Japanese Prime Minister Shinzo Abe delivers the keynote speech at the Japan National Tourism Organisation Seminar at the Hilton Hotel, Sydney, on January 14, 2017 in Sydney, Australia. (Photo by Brook Mitchell/Getty Images) Brook Mitchell/Getty Images
His grandfather was Japanese Prime Minister Nobusuke Kishi — who also played a round of golf with a president, joined on a course near Washington, D.C., by President Dwight Eisenhower in 1957, according to Reuters. His great uncle, Eisuke Sato, also served as prime minister in the 1960s and received the Nobel Peace Prize in 1974.
2. He loves golf.
He gave Trump an expensive gold (the color, not the material) golf club in November on a visit to Trump Tower in New York City after Trump's election. The golf club was a driver — more specifically, a "Honma Beres S-05 with 9.5 degrees of loft with a 5S Armrq Infinity stiff shaft," according to Golf Digest, which also reported club's cost as $3,755. Trump reportedly gave Abe golf-related gifts in return.
3. Akie Abe is a gay rights advocate.
She often goes head-to-head with her husband's party on key issues, according to the Wall Street Journal. For example, she is against the country's efforts to increase use of and reliance on nuclear power, while her husband supports it.
4. The Japanese first lady loves the arts.
Akie Abe, wife of Japanese Prime Minister Shinzo Abe, walks past an installation from a Japanese artist while visiting the Art Gallery of New South Wales on January 14, 2017 in Sydney, Australia. (Photo by Rick Rycroft - Pool/Getty Images) Pool/Getty Images
She is a former radio DJ and a big fan of Korean culture.
5. Shinzo Abe made history with a visit to Pearl Harbor last year.

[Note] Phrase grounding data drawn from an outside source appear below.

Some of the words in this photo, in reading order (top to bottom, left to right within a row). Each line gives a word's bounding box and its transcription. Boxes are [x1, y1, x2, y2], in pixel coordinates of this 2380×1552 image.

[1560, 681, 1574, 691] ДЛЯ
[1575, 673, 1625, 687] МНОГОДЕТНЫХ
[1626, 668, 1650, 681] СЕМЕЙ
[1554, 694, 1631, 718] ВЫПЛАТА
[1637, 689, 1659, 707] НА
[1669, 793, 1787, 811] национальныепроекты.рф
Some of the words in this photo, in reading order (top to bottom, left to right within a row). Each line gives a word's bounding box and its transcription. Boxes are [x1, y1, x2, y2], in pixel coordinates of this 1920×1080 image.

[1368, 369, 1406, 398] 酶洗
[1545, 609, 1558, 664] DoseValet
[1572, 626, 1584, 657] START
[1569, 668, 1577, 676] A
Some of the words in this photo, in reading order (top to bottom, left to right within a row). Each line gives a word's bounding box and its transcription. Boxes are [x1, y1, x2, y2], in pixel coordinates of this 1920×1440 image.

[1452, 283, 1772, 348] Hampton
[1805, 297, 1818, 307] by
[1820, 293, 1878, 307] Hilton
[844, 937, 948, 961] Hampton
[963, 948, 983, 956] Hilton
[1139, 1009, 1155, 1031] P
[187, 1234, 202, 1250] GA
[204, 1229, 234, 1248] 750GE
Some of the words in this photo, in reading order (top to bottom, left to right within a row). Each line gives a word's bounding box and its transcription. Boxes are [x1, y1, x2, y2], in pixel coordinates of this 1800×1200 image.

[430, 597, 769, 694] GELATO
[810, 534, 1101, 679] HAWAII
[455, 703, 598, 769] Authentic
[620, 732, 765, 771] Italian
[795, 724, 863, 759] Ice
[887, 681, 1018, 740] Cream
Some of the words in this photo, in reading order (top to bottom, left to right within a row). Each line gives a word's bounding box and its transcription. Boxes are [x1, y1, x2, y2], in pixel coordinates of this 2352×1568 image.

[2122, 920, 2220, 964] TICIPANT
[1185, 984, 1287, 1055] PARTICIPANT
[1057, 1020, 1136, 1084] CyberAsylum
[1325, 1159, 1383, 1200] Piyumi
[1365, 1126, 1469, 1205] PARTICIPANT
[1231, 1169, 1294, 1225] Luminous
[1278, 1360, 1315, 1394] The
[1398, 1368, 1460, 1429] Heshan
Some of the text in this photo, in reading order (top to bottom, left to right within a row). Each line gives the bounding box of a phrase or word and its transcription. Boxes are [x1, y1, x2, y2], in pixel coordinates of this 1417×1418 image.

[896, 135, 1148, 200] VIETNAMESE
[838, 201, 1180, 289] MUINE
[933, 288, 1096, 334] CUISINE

President Barack Obama delivers remarks while Japanese Prime Minister Shinzo Abe listens at Joint Base Pearl Harbor Hickam's Kilo Pier on December 27, 2016 in Honolulu, Hawaii. Abe is the first Japanese prime minister to visit Pearl Harbor with a U.S. president and the first to visit the USS Arizona Memorial. (Photo by Kent Nishimura/Getty Images) Kent Nishimura/Getty Images
He became the first sitting Japanese prime minister to visit Pearl Harbor with a U.S. president since the deadly 1941 attack, and the first to visit the USS Arizona Memorial. The prime minister went to the site with President Barack Obama in December.